Health ombudsman to probe death due to negligence at NHS units
London: Dozens of vulnerable patients may have died of neglect in NHS hospitals and care homes, it was revealed Tuesday.
The health service ombudsman will launch a new inquiry after relatives said their loved ones suffered "horrific abuse" at the hands of doctors, nurses and care staff.
Yesterday, the ombudsman, Ann Abraham, released a report into six deaths in NHS or local authority care between 2003 and 2005.
Mental health charity Mencap had complained to her last year on behalf of their families. The report showed there had been human rights abuses and discrimination.
But campaigners yesterday warned that the deaths are just the "tip of the iceberg" with many more examples of institutional discrimination uncovered, prompting the new inquiry.
In yesterday's report Abraham found a catalogue of "significant and distressing failures" in hospital and council care.
She revealed that patients with learning difficulties were treated as second-class citizens, resulting in "prolonged suffering and inappropriate care".
Abraham found that Mark Cannon, 30, died as a consequence of public service failure by the Barking, Havering and Redbridge Hospitals NHS Trust and Havering Council in east London.
Cannon, of Romford, Essex, was epileptic and had a severe learning difficulty which meant that he had very little speech.
In June 2003 he broke his leg at a council care home.

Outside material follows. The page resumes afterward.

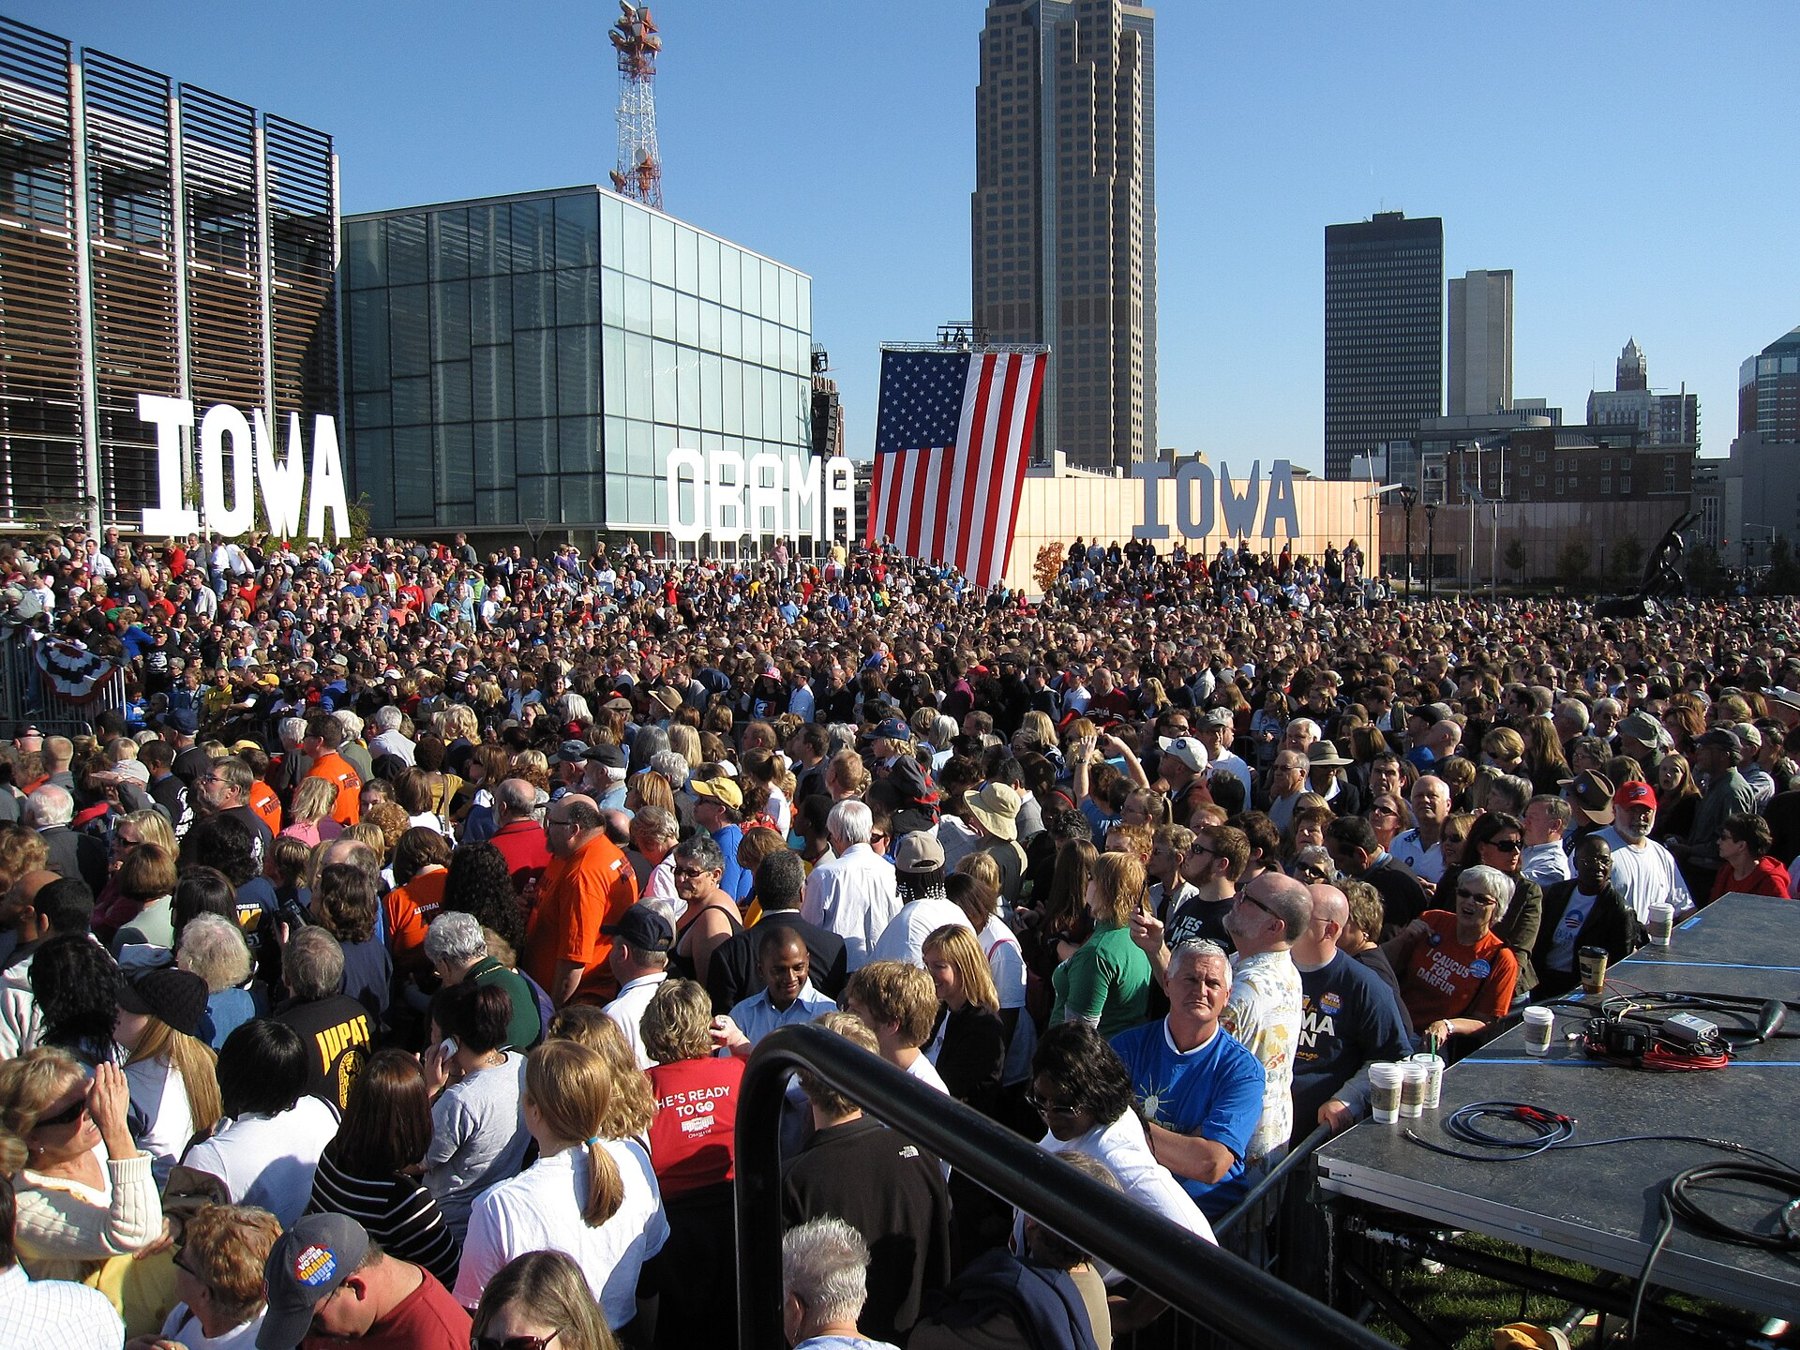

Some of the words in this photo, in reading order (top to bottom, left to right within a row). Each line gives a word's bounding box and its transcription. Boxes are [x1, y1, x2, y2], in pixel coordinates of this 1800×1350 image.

Despite receiving treatment at Oldchurch Hospital in Romford, which is now closed, he died eight weeks later from complications.
The ombudsman concluded he had been left in severe pain and distress for prolonged periods, and was twice discharged from hospital without due concern for his safety. She also upheld a complaint against the healthcare commission finding that the regulator's review of a complaint by Cannon's parents was "unreliable and unsafe".
In the case of stroke patient Martin Ryan, 43, of Richmond, who had Down's Syndrome and died in December 2005 at Kingston hospital, Abraham found that doctors failed to give him a feeding tube and said: "At best [care] is patchy."
In the four other cases Abraham did not say the deaths were avoidable but she criticised standards of care.